> Task to complete: Copy all the data exactly, except the pictures.

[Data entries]

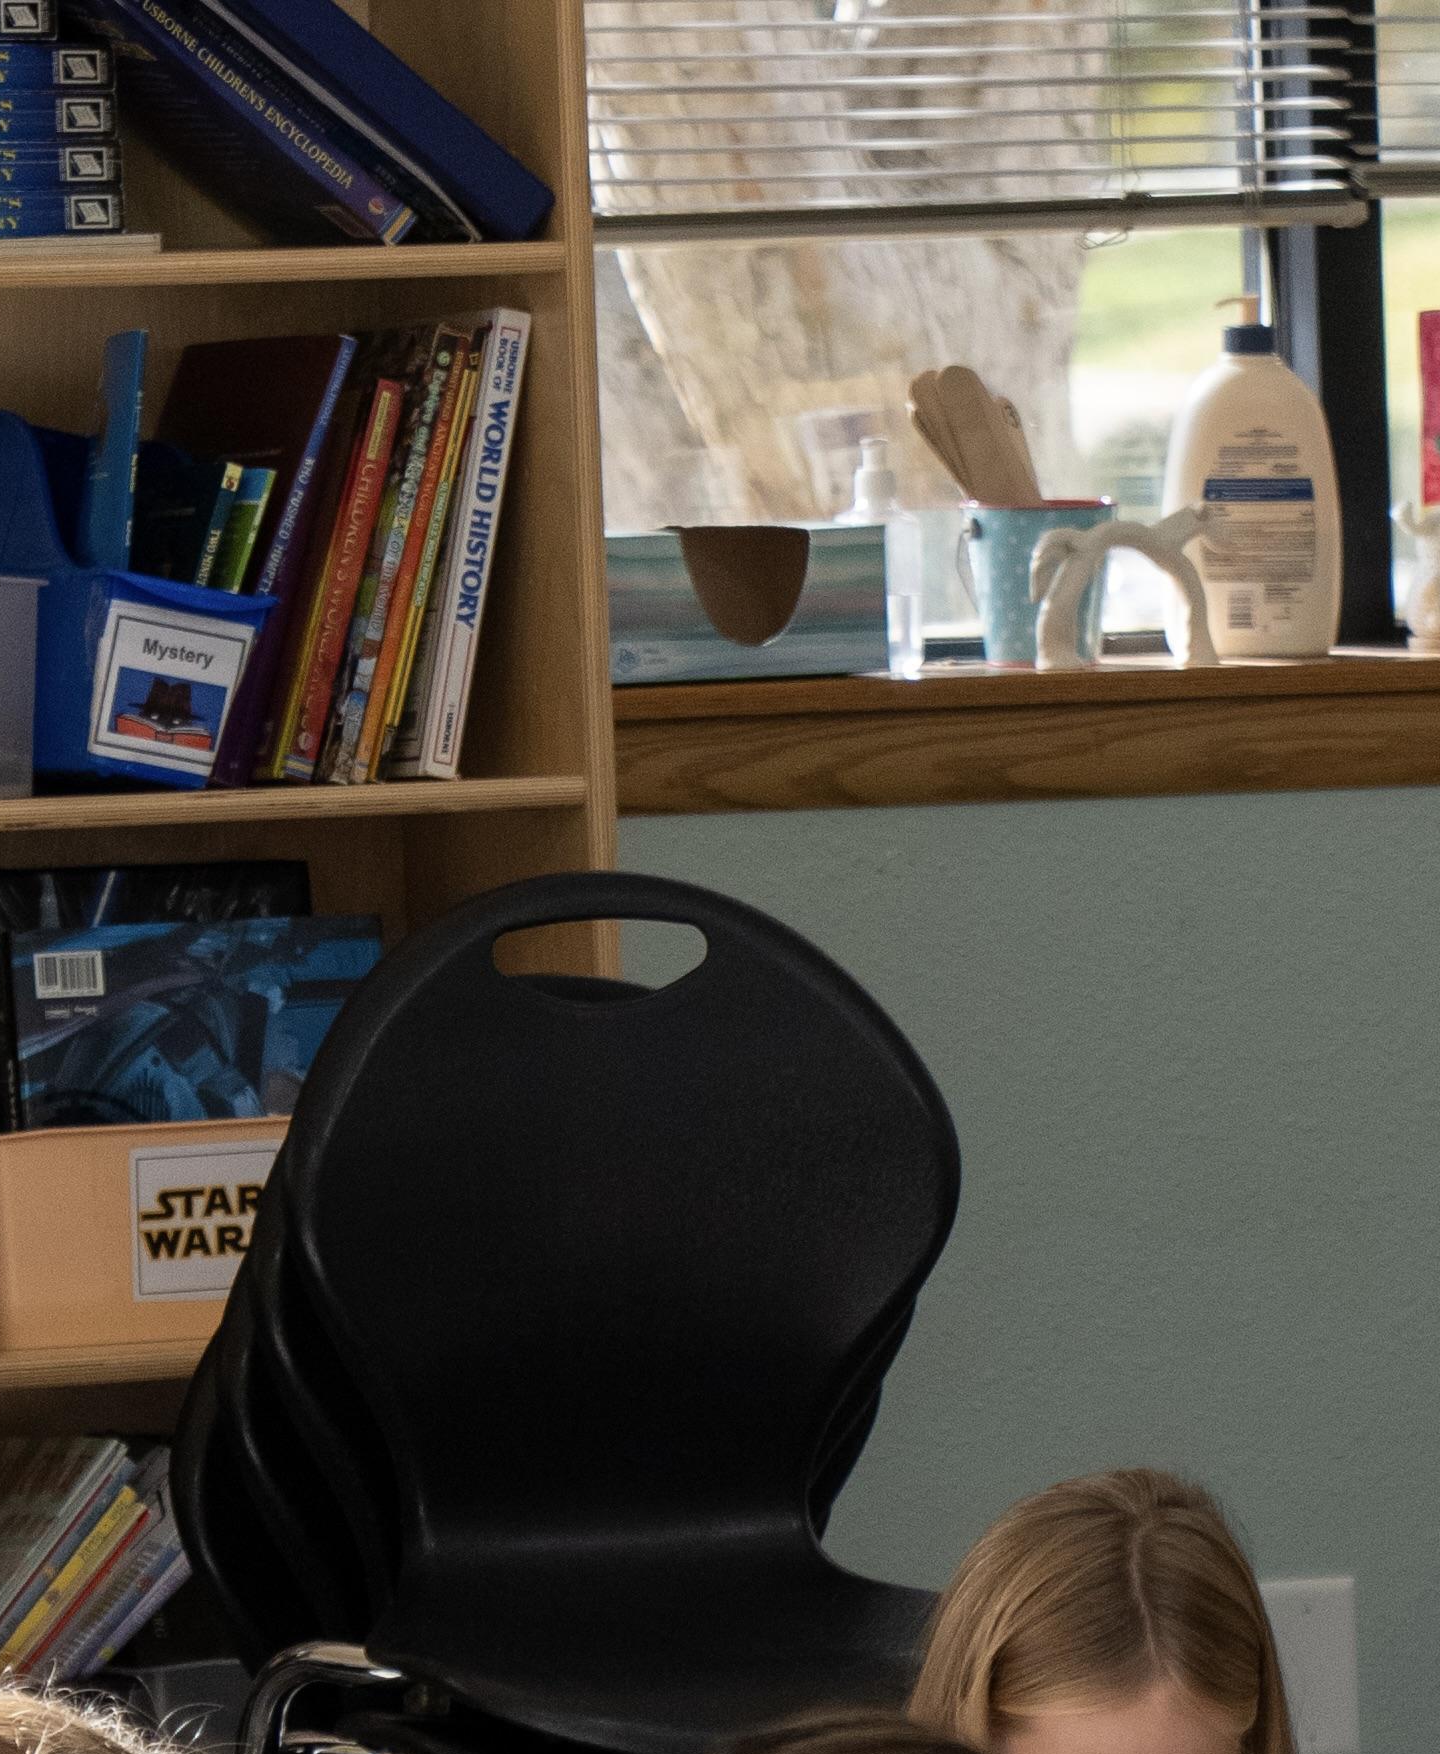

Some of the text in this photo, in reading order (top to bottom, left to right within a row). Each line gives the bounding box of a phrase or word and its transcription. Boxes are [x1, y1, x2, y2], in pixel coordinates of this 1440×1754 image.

[142, 2, 198, 53] USBORNE
[197, 46, 265, 111] CHILDREN'S
[263, 104, 354, 189] ENCYCLOPEDIA
[492, 338, 510, 392] BOOK OF
[503, 340, 521, 395] USBORNE
[259, 457, 316, 597] WHO PUSHED HUMPTY
[455, 400, 511, 632] WORLD HISTORY
[206, 527, 222, 554] TWO
[141, 637, 215, 670] Mystery
[442, 712, 456, 754] USBORNE
[140, 1184, 265, 1222] STAR
[140, 1222, 257, 1264] WAR
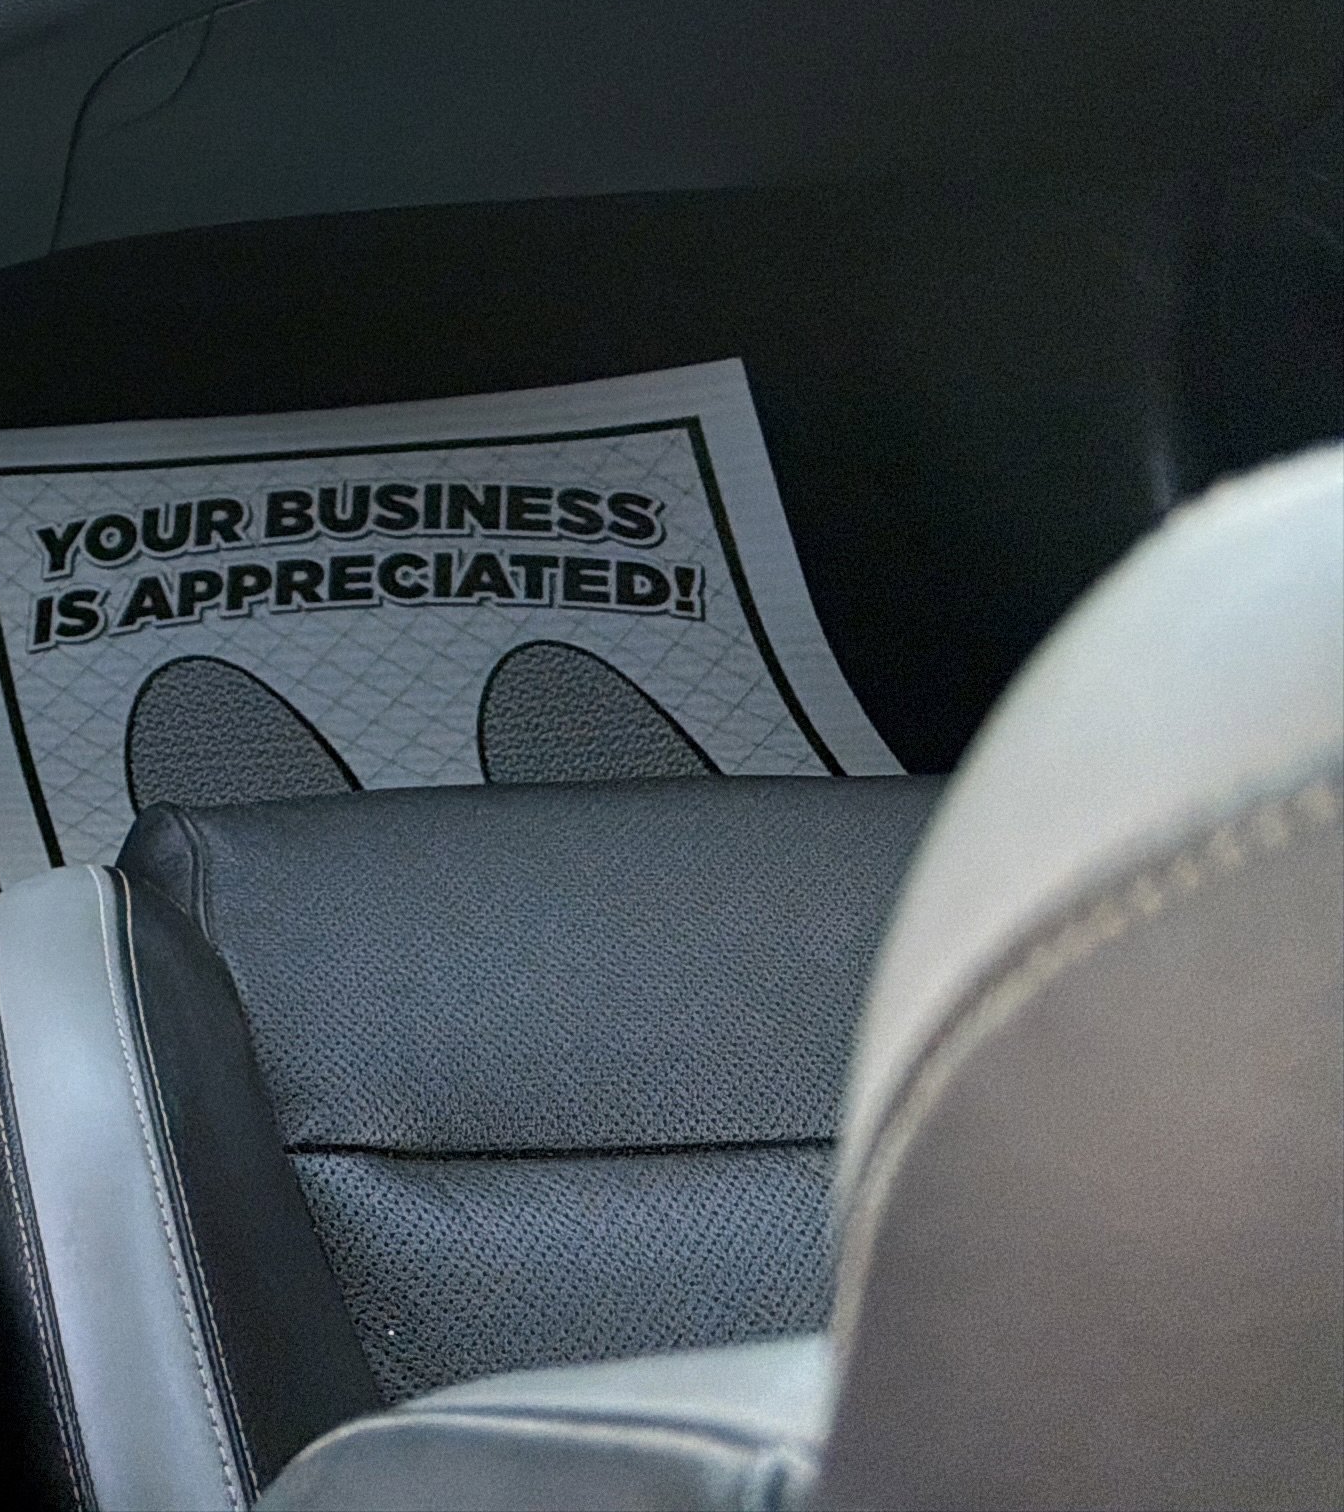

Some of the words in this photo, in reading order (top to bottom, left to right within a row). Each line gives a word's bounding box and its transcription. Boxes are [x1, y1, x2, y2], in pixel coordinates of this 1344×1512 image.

> Task output:
Some of the text in this photo, in reading order (top to bottom, left to right within a row). Each line gives the bounding box of a phrase or word and its transcription. Boxes are [x1, y1, x2, y2], in pixel coordinates of this 1440×1754 image.

[142, 2, 198, 53] USBORNE
[197, 46, 265, 111] CHILDREN'S
[263, 104, 354, 189] ENCYCLOPEDIA
[492, 338, 510, 392] BOOK OF
[503, 340, 521, 395] USBORNE
[259, 457, 316, 597] WHO PUSHED HUMPTY
[455, 400, 511, 632] WORLD HISTORY
[206, 527, 222, 554] TWO
[141, 637, 215, 670] Mystery
[442, 712, 456, 754] USBORNE
[140, 1184, 265, 1222] STAR
[140, 1222, 257, 1264] WAR

Some of the words in this photo, in reading order (top to bottom, left to right within a row). Each line gives a word's bounding box and its transcription. Boxes are [x1, y1, x2, y2], in pixel coordinates of this 1344×1512 image.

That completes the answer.